### Directions
Leave out the images and repeat every entry below exactly.

(Spatial localization data)
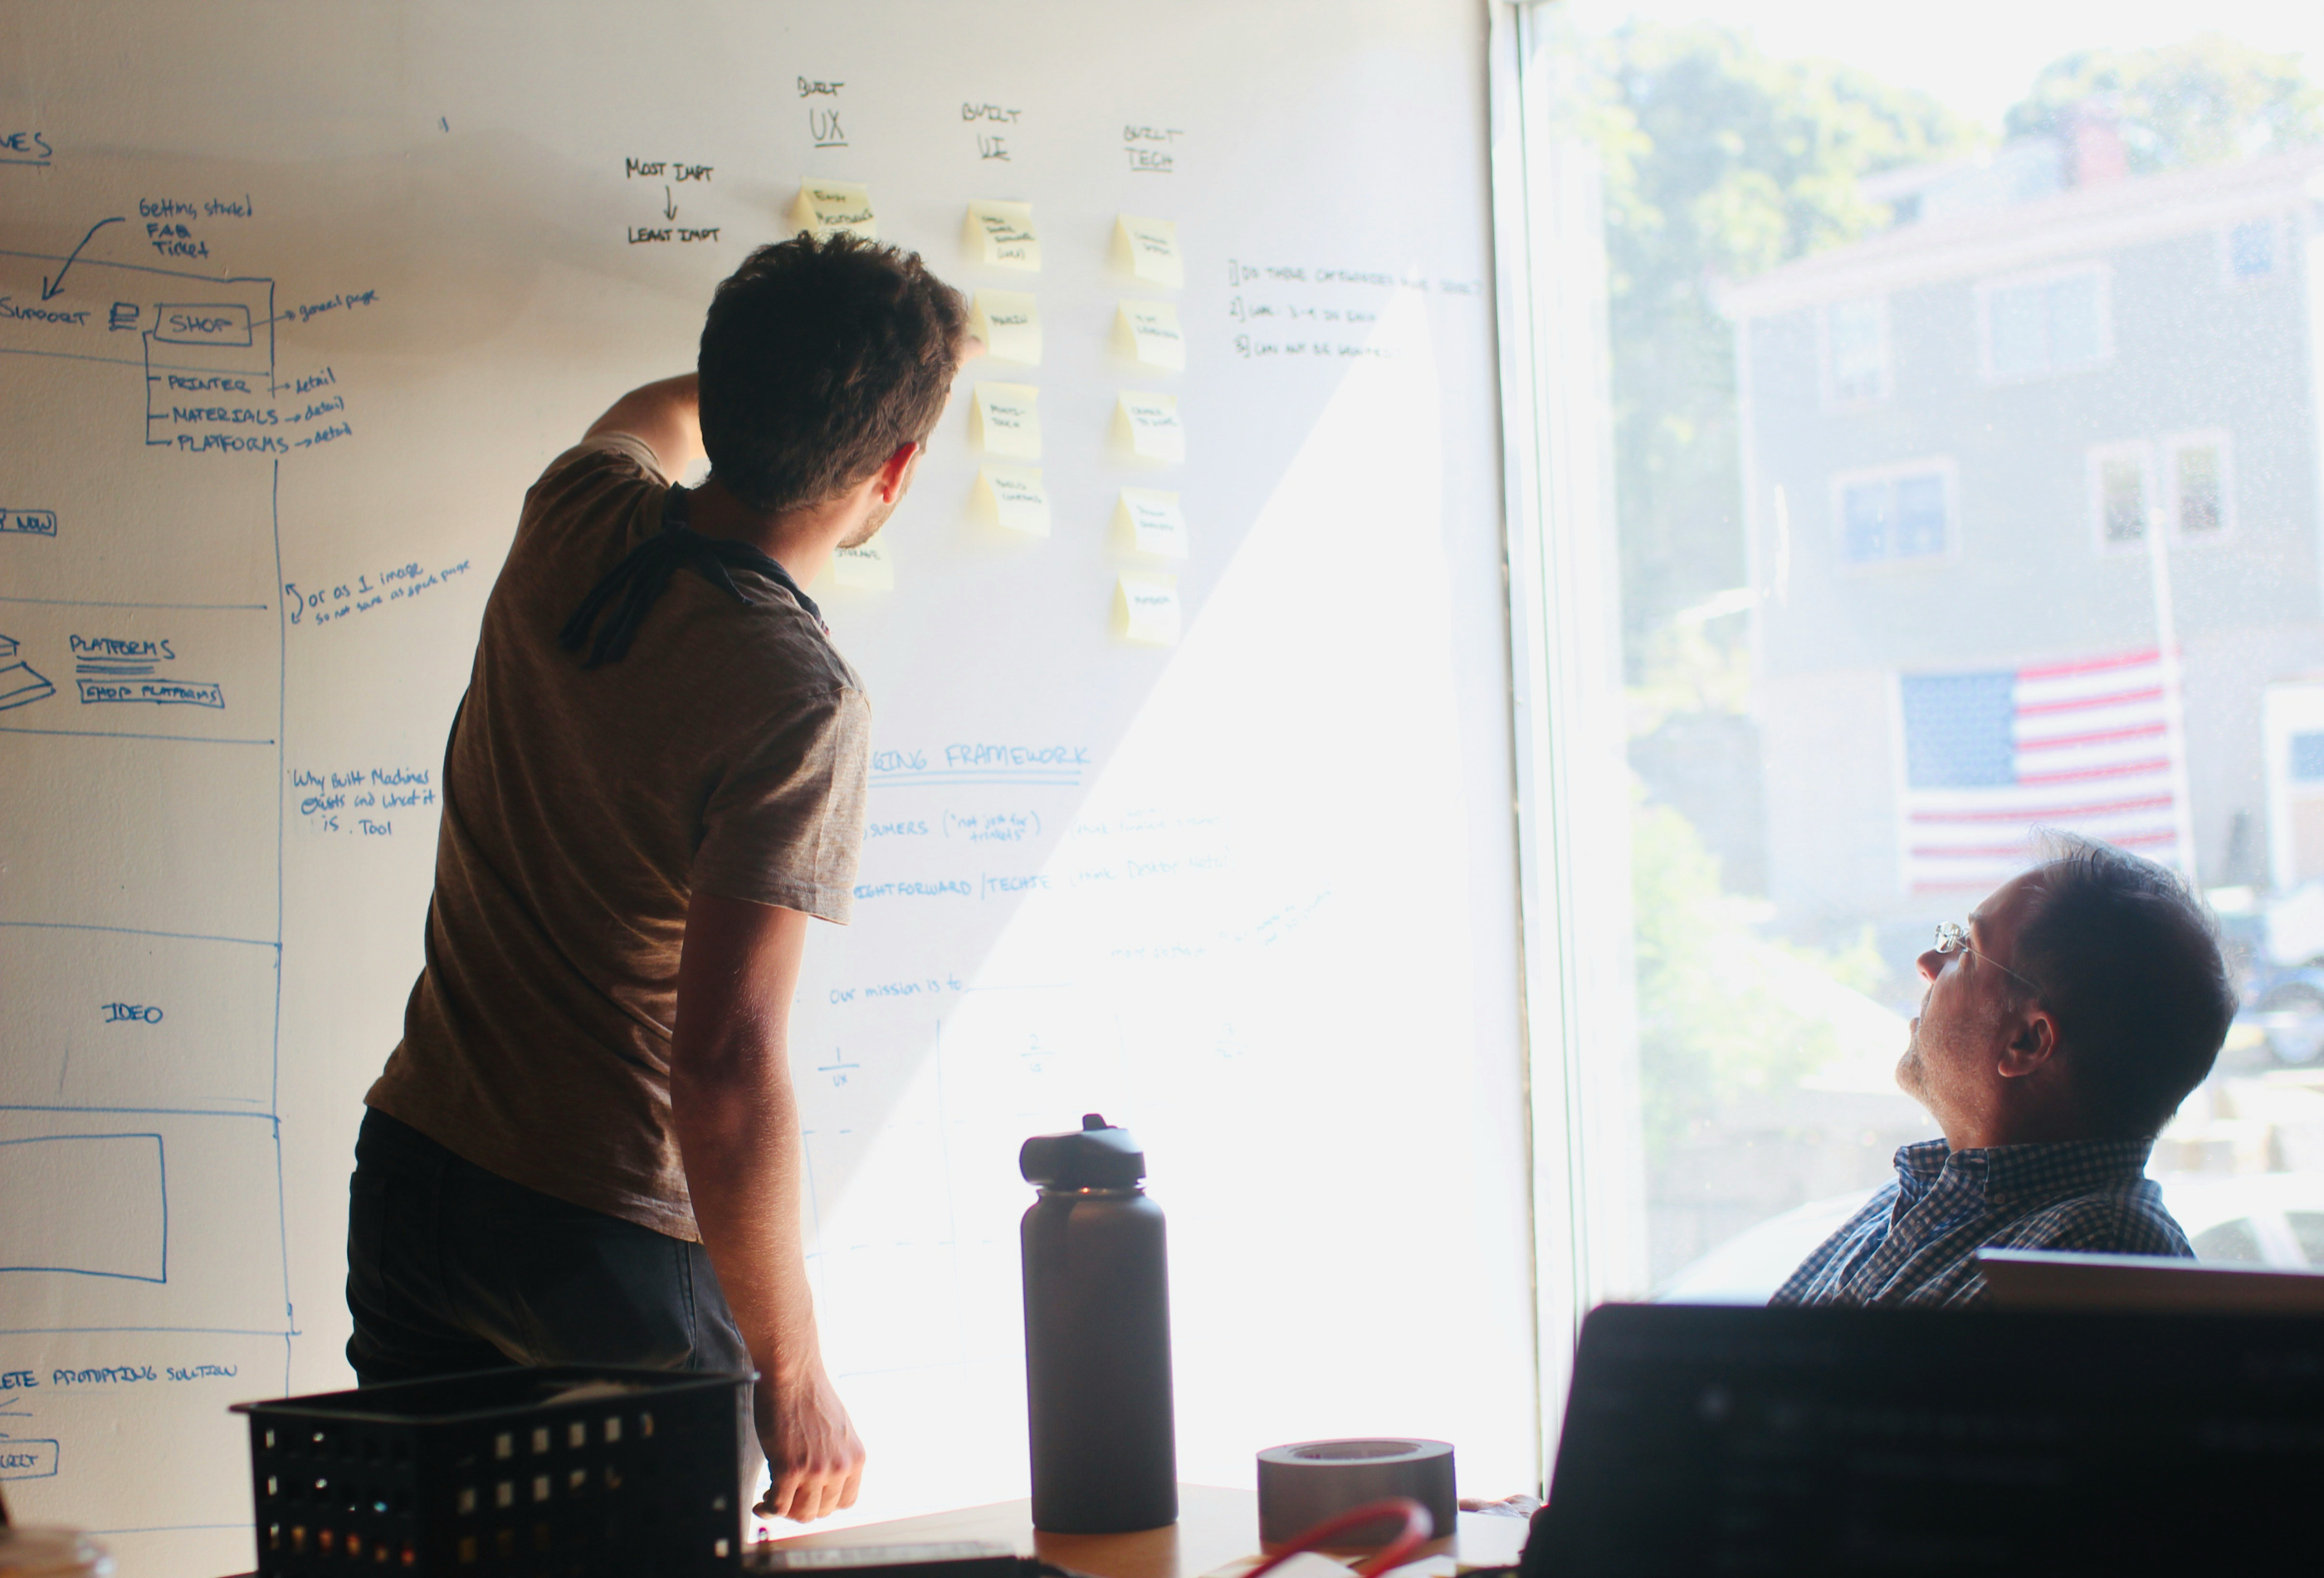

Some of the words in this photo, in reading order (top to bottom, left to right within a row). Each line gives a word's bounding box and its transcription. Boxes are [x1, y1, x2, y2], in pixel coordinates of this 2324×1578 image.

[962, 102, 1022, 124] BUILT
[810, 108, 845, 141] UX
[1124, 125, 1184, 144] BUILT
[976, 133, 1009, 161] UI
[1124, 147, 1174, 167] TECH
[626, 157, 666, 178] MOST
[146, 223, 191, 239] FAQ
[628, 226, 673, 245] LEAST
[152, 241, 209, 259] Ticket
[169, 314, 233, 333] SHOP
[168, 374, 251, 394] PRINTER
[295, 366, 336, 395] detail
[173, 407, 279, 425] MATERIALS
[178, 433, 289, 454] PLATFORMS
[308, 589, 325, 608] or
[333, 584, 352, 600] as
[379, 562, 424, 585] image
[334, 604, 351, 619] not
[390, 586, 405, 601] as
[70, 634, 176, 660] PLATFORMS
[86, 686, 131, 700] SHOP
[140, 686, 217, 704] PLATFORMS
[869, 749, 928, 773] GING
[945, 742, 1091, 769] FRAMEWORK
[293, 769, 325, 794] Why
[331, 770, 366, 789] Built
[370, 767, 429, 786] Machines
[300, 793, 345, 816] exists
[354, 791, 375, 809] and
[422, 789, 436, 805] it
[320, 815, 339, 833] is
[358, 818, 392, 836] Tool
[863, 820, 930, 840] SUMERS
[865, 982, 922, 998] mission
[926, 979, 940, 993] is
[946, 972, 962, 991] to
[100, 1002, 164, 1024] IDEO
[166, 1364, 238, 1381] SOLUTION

### Solution to this task
Some of the words in this photo, in reading order (top to bottom, left to right within a row). Each line gives a word's bounding box and its transcription. Boxes are [x1, y1, x2, y2], in pixel coordinates of this 2324×1578 image.

[962, 102, 1022, 124] BUILT
[810, 108, 845, 141] UX
[1124, 125, 1184, 144] BUILT
[976, 133, 1009, 161] UI
[1124, 147, 1174, 167] TECH
[626, 157, 666, 178] MOST
[146, 223, 191, 239] FAQ
[628, 226, 673, 245] LEAST
[152, 241, 209, 259] Ticket
[169, 314, 233, 333] SHOP
[168, 374, 251, 394] PRINTER
[295, 366, 336, 395] detail
[173, 407, 279, 425] MATERIALS
[178, 433, 289, 454] PLATFORMS
[308, 589, 325, 608] or
[333, 584, 352, 600] as
[379, 562, 424, 585] image
[334, 604, 351, 619] not
[390, 586, 405, 601] as
[70, 634, 176, 660] PLATFORMS
[86, 686, 131, 700] SHOP
[140, 686, 217, 704] PLATFORMS
[869, 749, 928, 773] GING
[945, 742, 1091, 769] FRAMEWORK
[293, 769, 325, 794] Why
[331, 770, 366, 789] Built
[370, 767, 429, 786] Machines
[300, 793, 345, 816] exists
[354, 791, 375, 809] and
[422, 789, 436, 805] it
[320, 815, 339, 833] is
[358, 818, 392, 836] Tool
[863, 820, 930, 840] SUMERS
[865, 982, 922, 998] mission
[926, 979, 940, 993] is
[946, 972, 962, 991] to
[100, 1002, 164, 1024] IDEO
[166, 1364, 238, 1381] SOLUTION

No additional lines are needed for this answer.